Slowly, almost against his own will, Jabba turned his head. His breath stopped. His fear solidified. His very soul seemed to shrink inside his chest.


Standing there, calm yet unyielding, was the last person he ever wished to see.


Robin.


"Ahh!!" Jabba screamed, his body jerking backward in sheer horror. He shoved himself with frantic strength, both arms and one leg flailing until his back smashed against the cavern wall. His face twisted in dread, his voice tumbling out in a broken rush:


"Why did you follow me?! You should be out there—fighting Pythor and his army right now! I- I know you’re furious, I can feel it—wait, wait, listen to me! I can explain! The array—it failed, but I swear I was trying to do something! I wasn’t betraying you—I was going to help, I swear on it!"

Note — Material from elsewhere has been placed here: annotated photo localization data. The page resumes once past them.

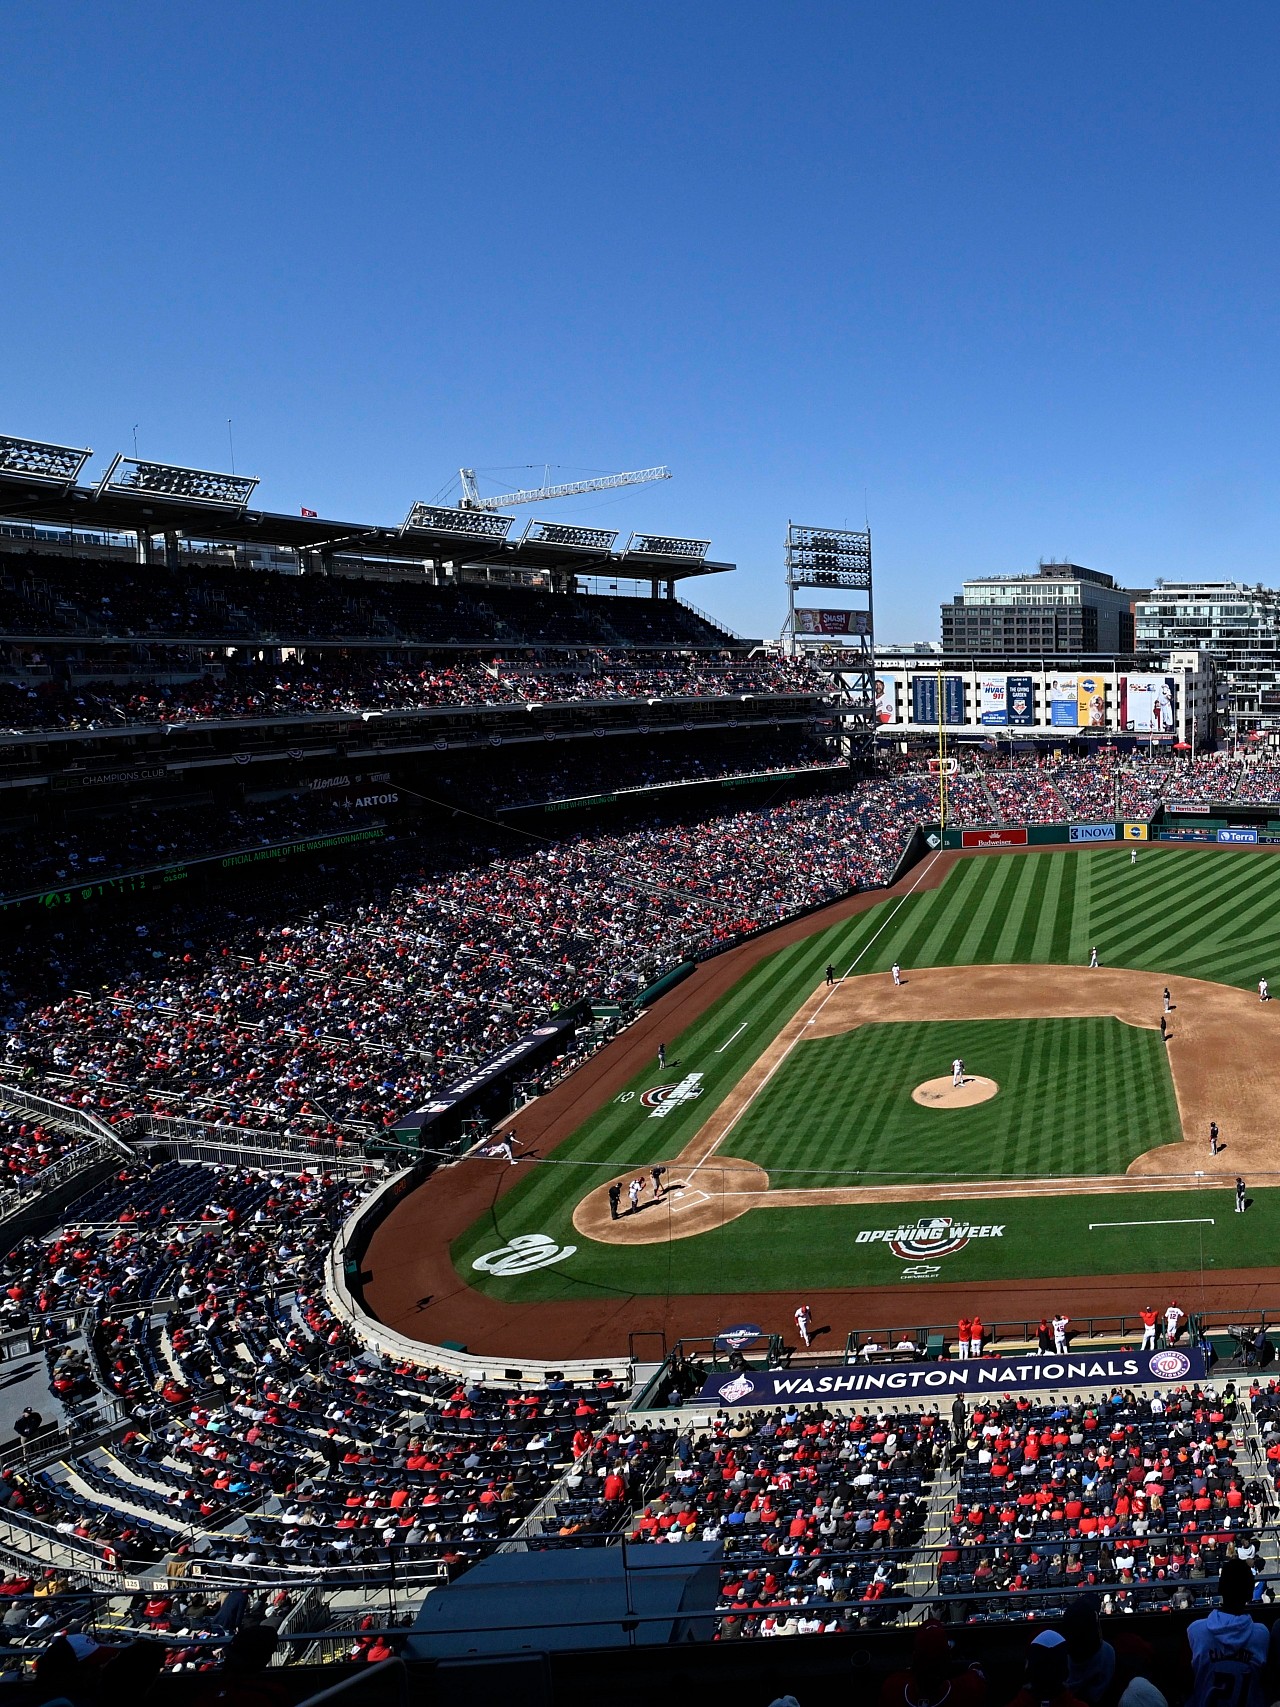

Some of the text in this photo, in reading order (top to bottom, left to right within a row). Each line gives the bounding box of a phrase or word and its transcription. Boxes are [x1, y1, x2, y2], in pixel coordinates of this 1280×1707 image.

[823, 613, 846, 624] SMASH
[82, 772, 139, 785] CHAMPIONS
[141, 769, 165, 778] CLUB
[355, 793, 399, 808] ARTOIS
[558, 802, 570, 810] FREE
[587, 797, 606, 806] ROLLING
[1081, 829, 1114, 838] INOVA
[1230, 833, 1254, 841] Terra
[222, 854, 253, 868] OFFICIAL
[254, 848, 282, 861] AIRLINE
[283, 847, 292, 856] OF
[293, 844, 306, 853] THE
[306, 836, 350, 850] WASHINGTON
[163, 872, 188, 883] OLSON
[64, 893, 71, 903] 3
[449, 1041, 536, 1094] NATIONALS PARK
[855, 1225, 1007, 1243] OPENING WEEK
[1169, 1313, 1178, 1321] 12
[773, 1369, 969, 1395] WASHINGTON
[978, 1359, 1139, 1384] NATIONALS
[782, 1481, 789, 1491] 11
[127, 1581, 138, 1589] 125

But Robin’s silence was heavier than thunder.


To Jabba, this was the worst fate imaginable. Not death itself—he had already made peace with dying, already steeled his soul to fall for his master, for Nihari. Death in battle was honorable.


But this?


To fail.


To be cornered like a coward, caught in disgrace, slain not by the enemy but by Robin’s own hand...


There could be no more shameful ending.


Whoosh


Robin extended his hand toward him.


"Ahh!!" Jabba shrieked, his panic boiling over. He curled in on himself, throwing both arms over his head like a child bracing for his father’s wrathful strike.


But instead of a crushing blow, he felt only a dull, almost gentle thud against the back of his skull. A pat.


Robin’s voice followed, calm, heavy, edged with weary contempt:


"Get up. Get up already, and stop embarrassing yourself."